**REQUIREMENT**
Repeat word for word every line from the one holding "this 2048×1536 image." to the end of the material below.
*** Opening of INFORMATION ***
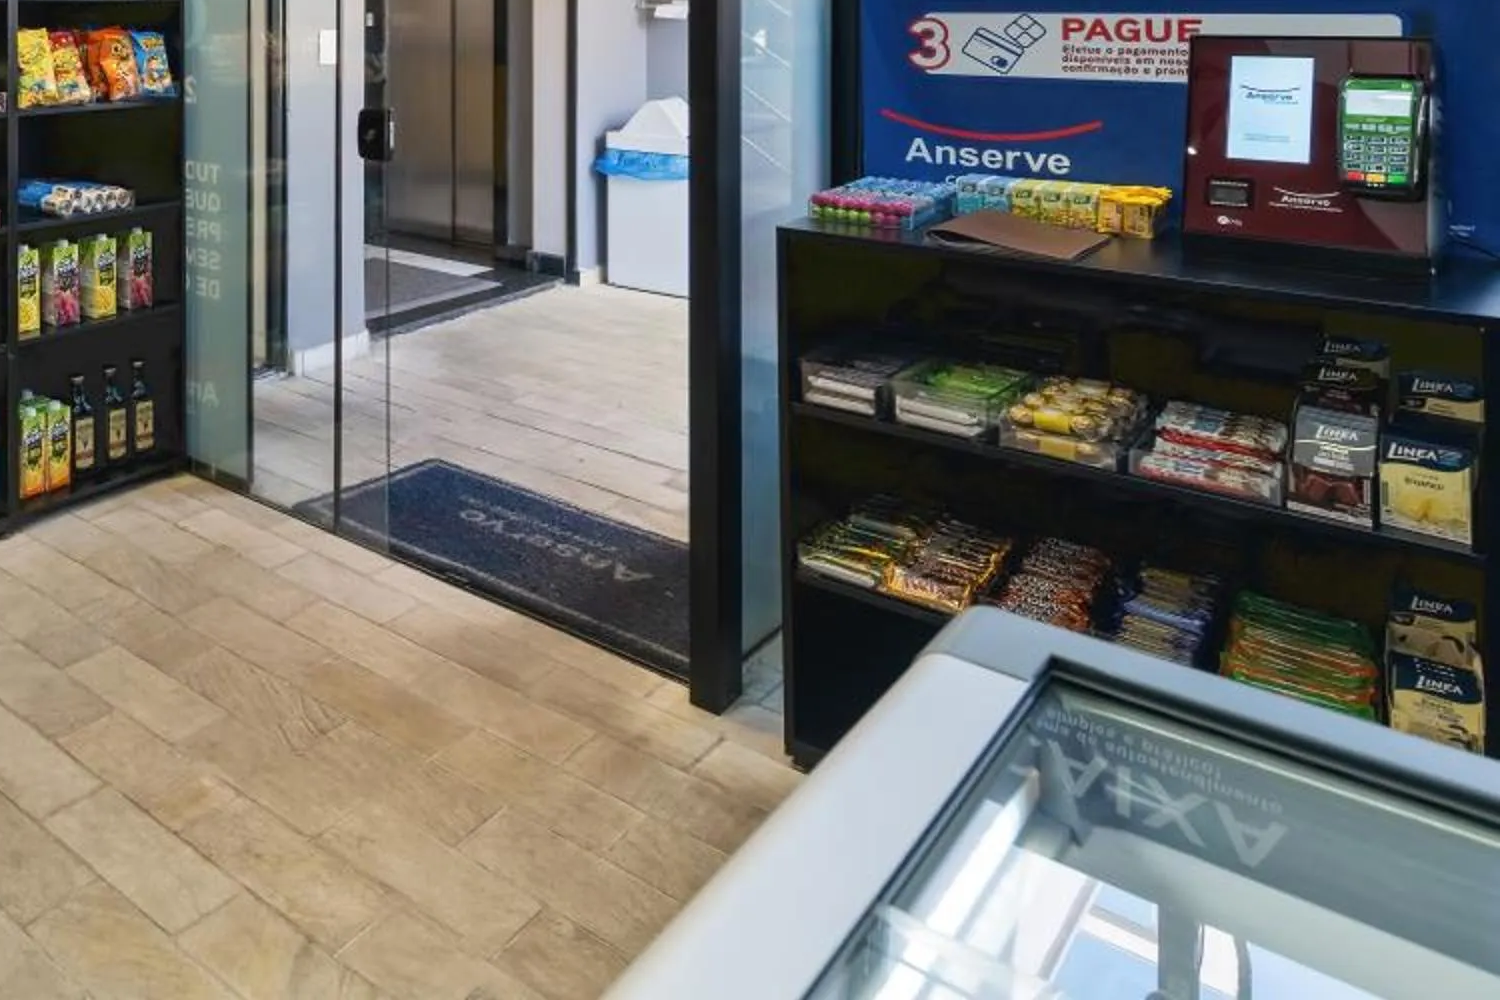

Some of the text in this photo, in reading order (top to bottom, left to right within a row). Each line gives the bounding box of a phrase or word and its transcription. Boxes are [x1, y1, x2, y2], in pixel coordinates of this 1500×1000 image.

[1061, 17, 1203, 43] PAGUE
[908, 16, 952, 71] 3
[1117, 46, 1189, 58] pagamento
[1061, 64, 1139, 77] confirmação
[1245, 90, 1293, 102] Anserve
[905, 137, 1072, 175] Anserve
[1315, 424, 1360, 442] LINEA
[1387, 442, 1439, 462] LINEA
[1411, 595, 1454, 615] LINEA
[1416, 674, 1464, 696] LINEA
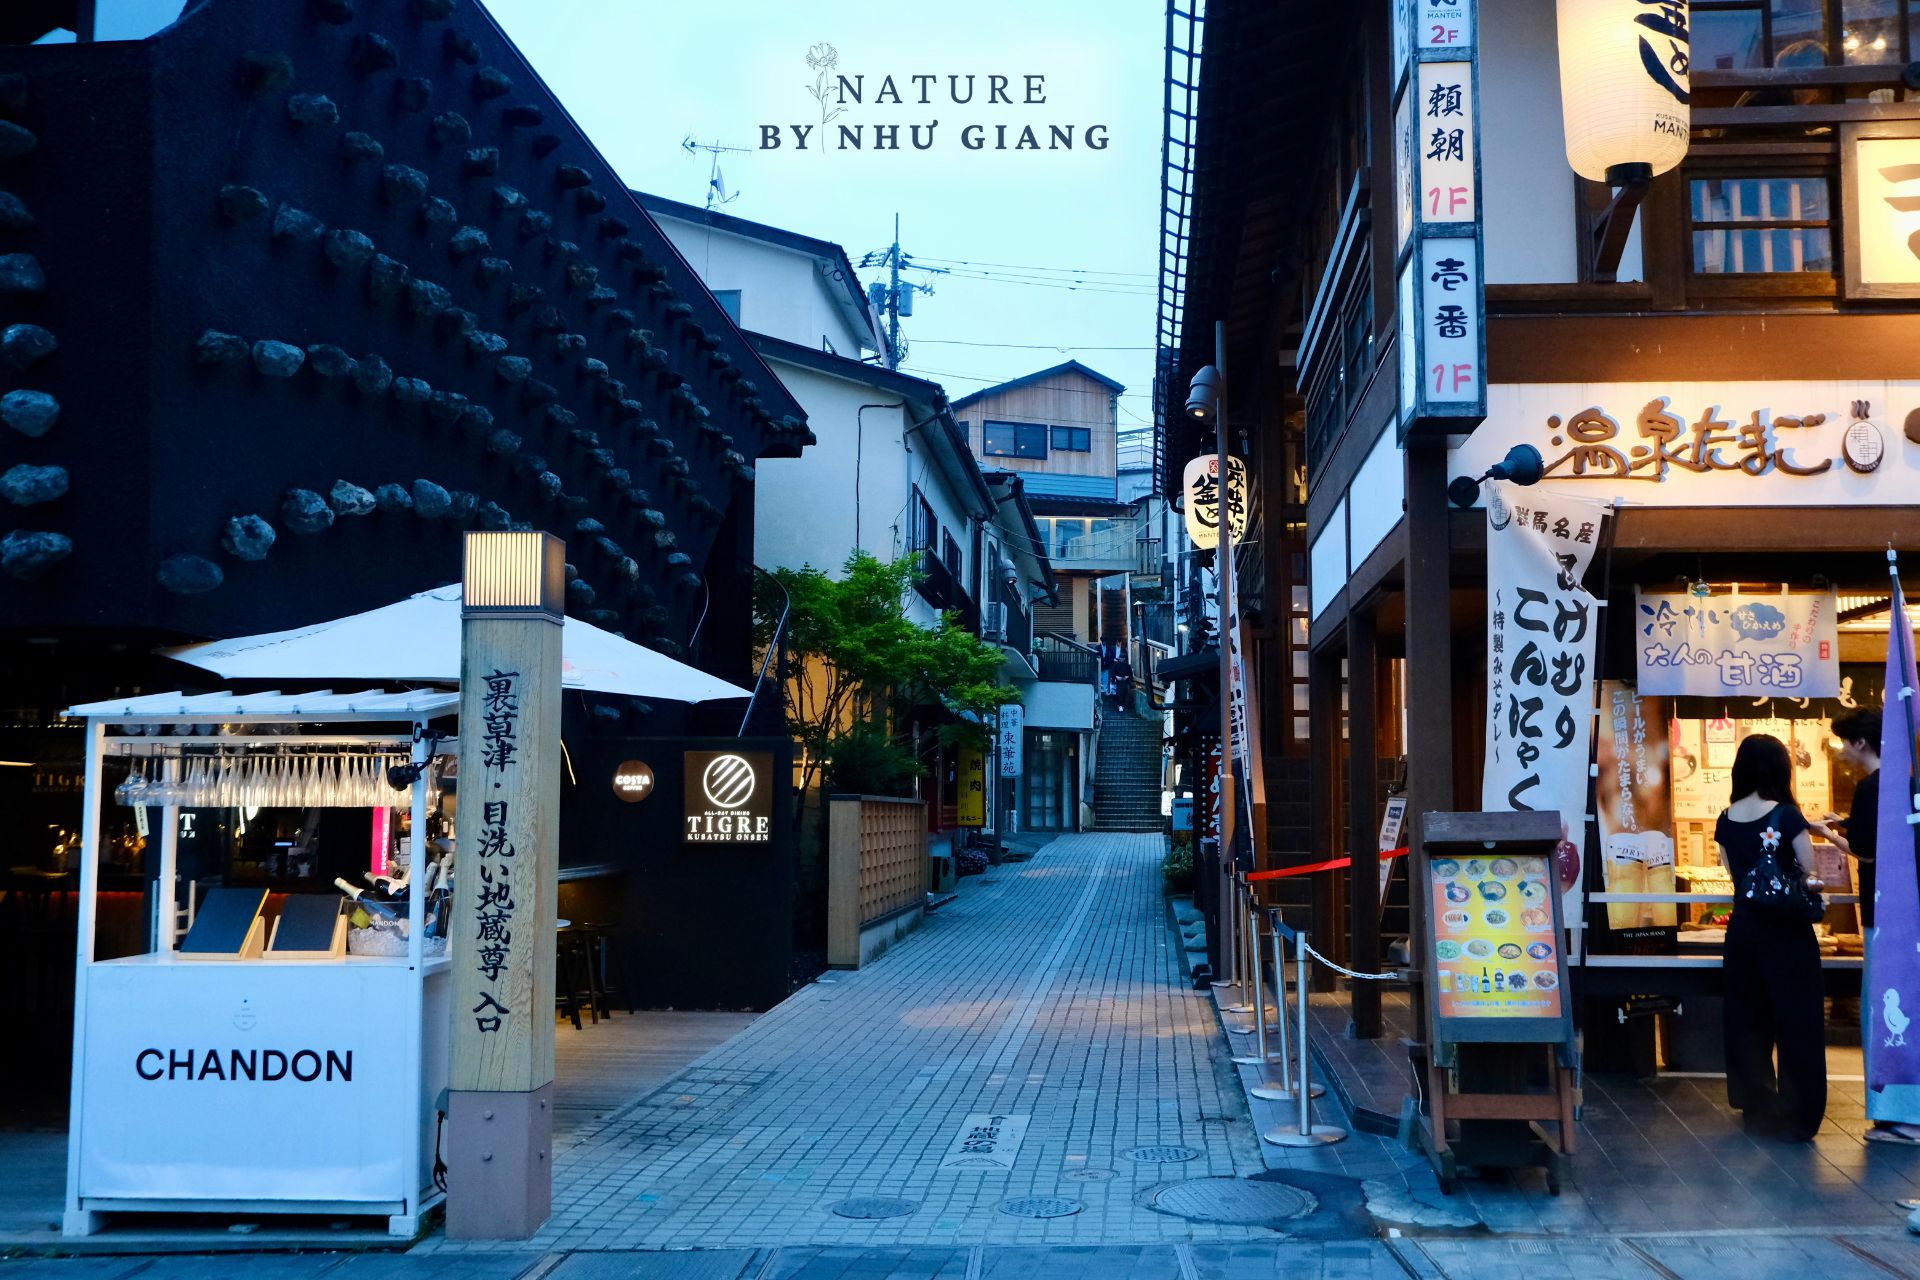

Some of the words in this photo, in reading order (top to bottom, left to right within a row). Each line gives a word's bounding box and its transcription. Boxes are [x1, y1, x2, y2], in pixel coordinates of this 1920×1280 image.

[1430, 25, 1459, 43] 2F
[1427, 84, 1464, 162] 頼朝
[1428, 186, 1468, 216] 1F
[1431, 258, 1468, 338] 壱番
[1432, 363, 1472, 394] 1F
[1543, 399, 1832, 482] 温泉たまご
[1515, 505, 1595, 544] 群馬名産
[1508, 586, 1549, 812] こんにゃく
[1002, 731, 1016, 774] 東華苑
[32, 773, 85, 786] TIGR
[615, 774, 650, 785] COSTA
[969, 760, 982, 792] 焼肉
[687, 816, 769, 833] TIGRE
[687, 833, 732, 841] KUSATSU
[736, 833, 769, 841] ONSEN
[381, 823, 389, 871] PERONI
[473, 991, 511, 1033] 入口
[136, 1048, 353, 1082] CHANDON
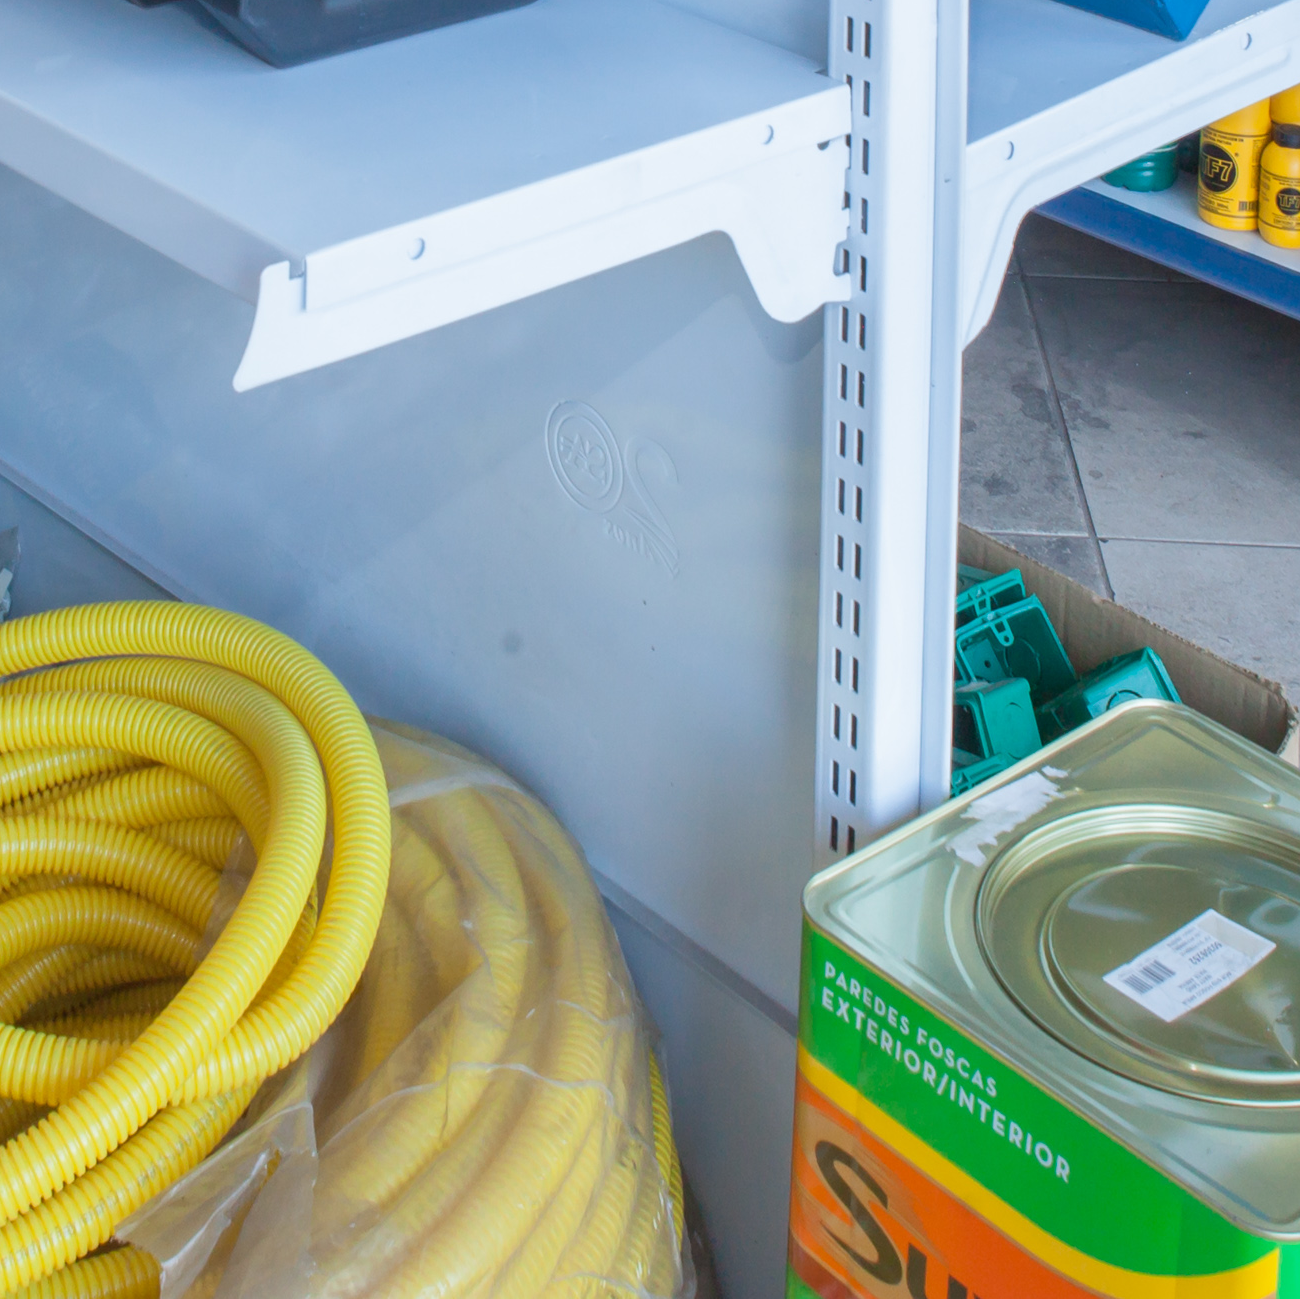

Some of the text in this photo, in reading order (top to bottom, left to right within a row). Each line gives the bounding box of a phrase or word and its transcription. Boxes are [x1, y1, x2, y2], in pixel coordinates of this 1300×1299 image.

[821, 987, 1071, 1184] EXTERIOR/INTERIOR
[823, 960, 998, 1098] PAREDES FOSCAS
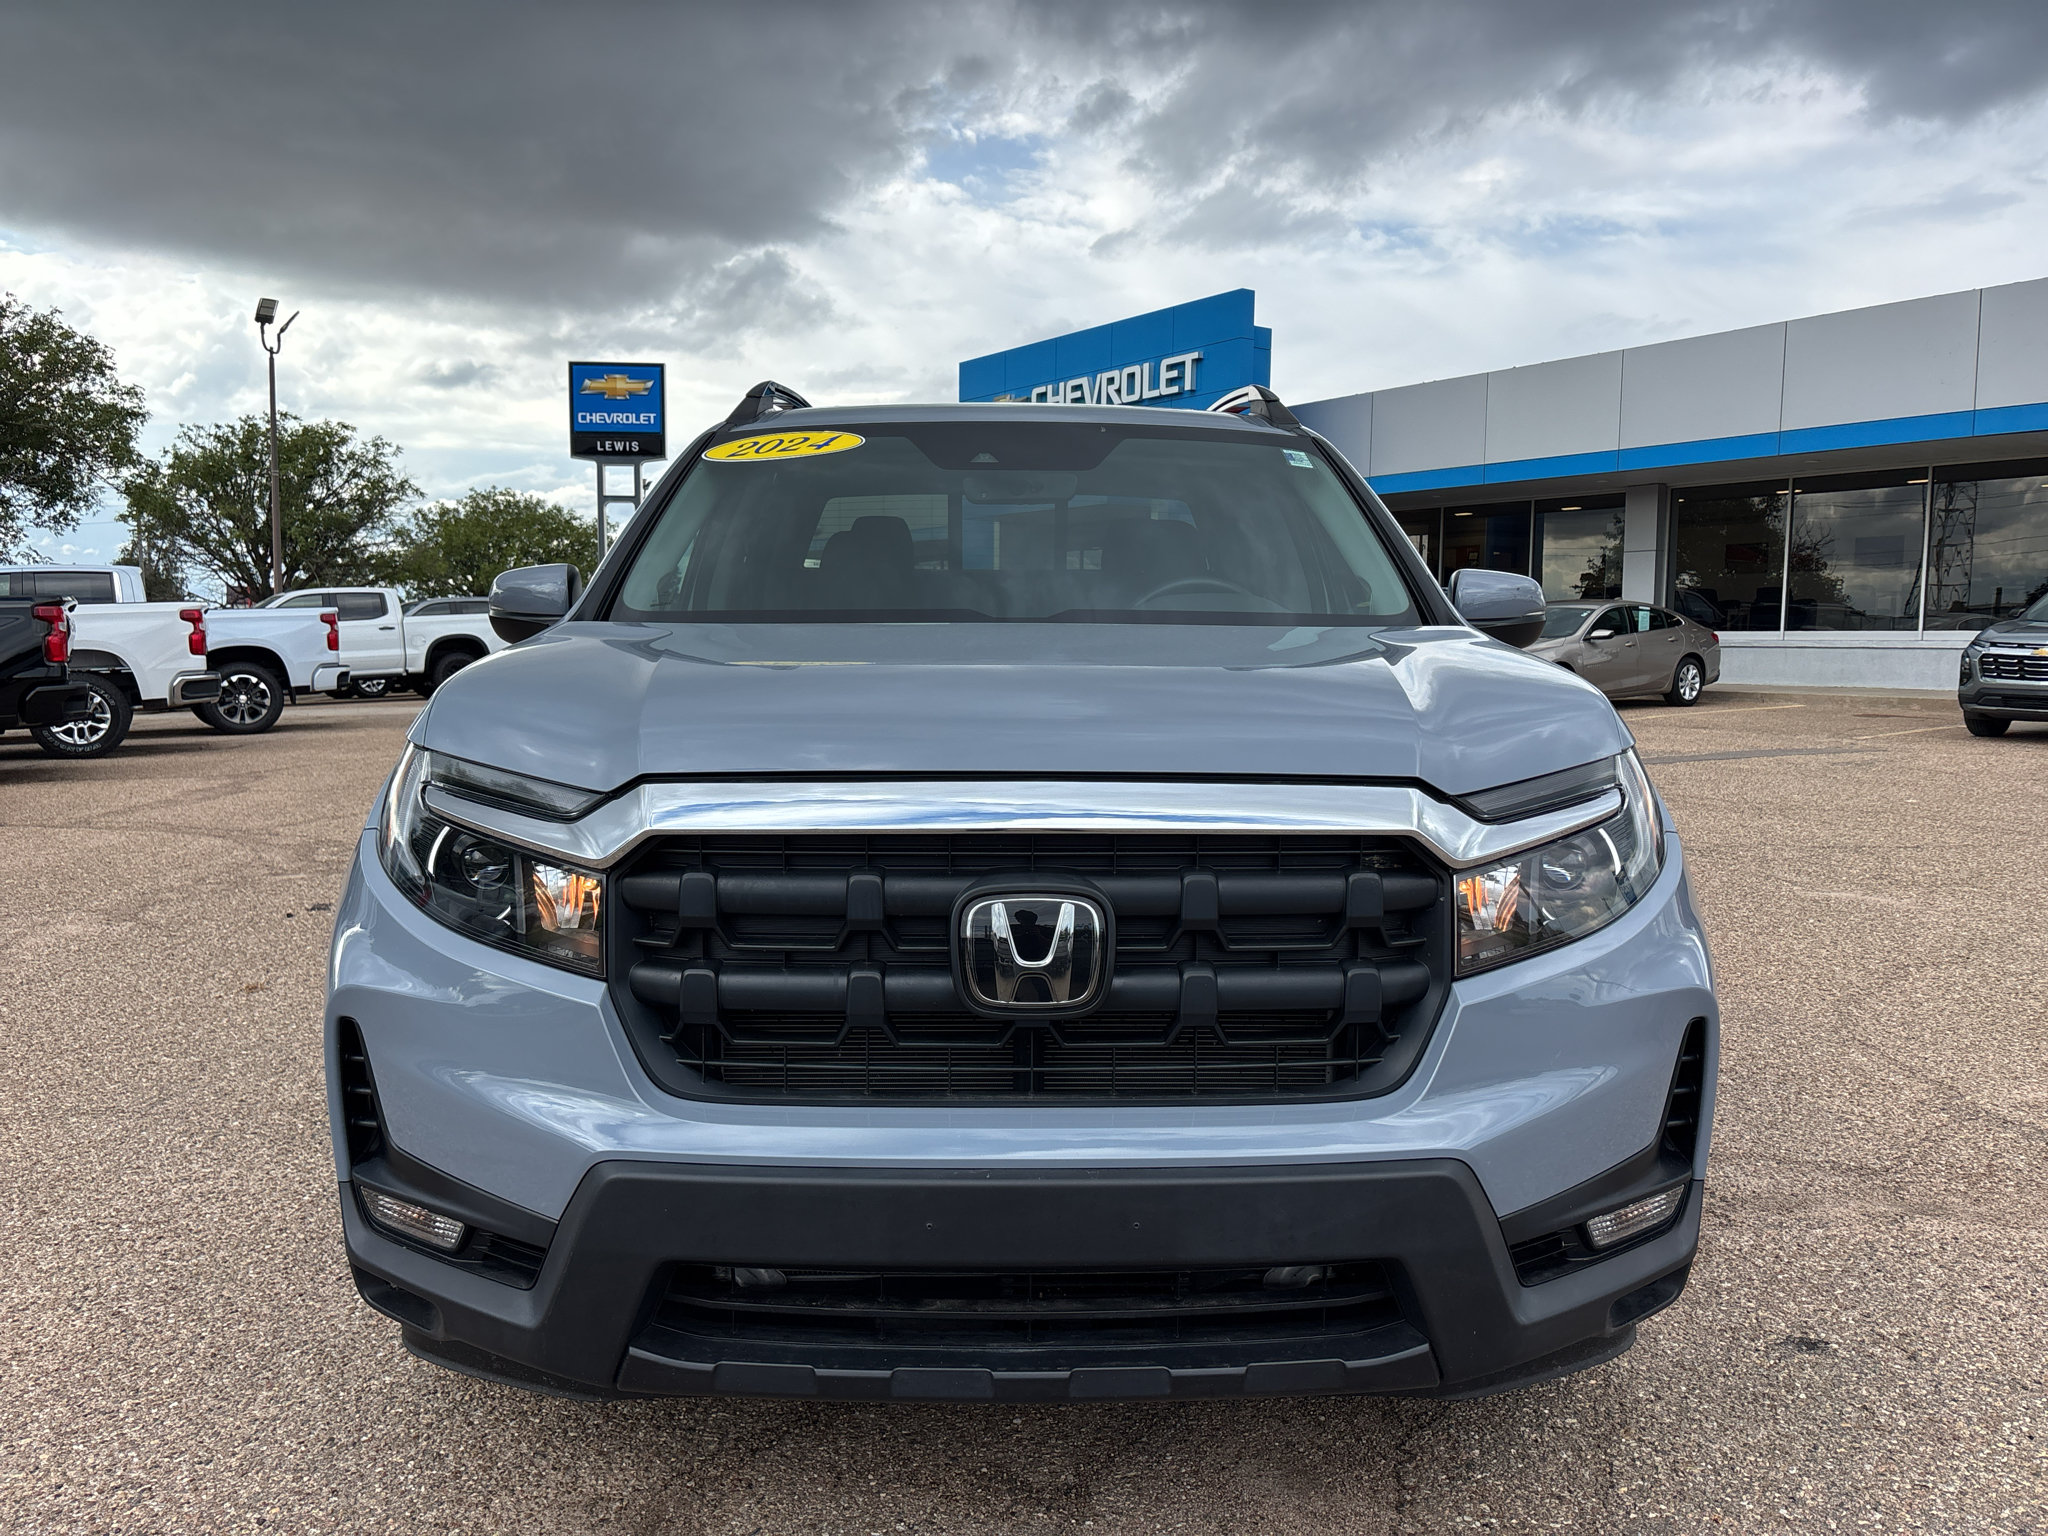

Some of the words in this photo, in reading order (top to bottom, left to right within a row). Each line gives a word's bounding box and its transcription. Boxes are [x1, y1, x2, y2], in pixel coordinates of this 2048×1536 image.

[1030, 351, 1203, 405] CHEVROLET
[577, 412, 656, 424] CHEVROLET
[597, 441, 640, 452] LEWIS
[725, 433, 843, 457] 2024
*** Close of INFORMATION ***
**EXPECTED ANSWER**
Some of the words in this photo, in reading order (top to bottom, left to right within a row). Each line gives a word's bounding box and its transcription. Boxes are [x1, y1, x2, y2], in pixel coordinates of this 2048×1536 image.

[1030, 351, 1203, 405] CHEVROLET
[577, 412, 656, 424] CHEVROLET
[597, 441, 640, 452] LEWIS
[725, 433, 843, 457] 2024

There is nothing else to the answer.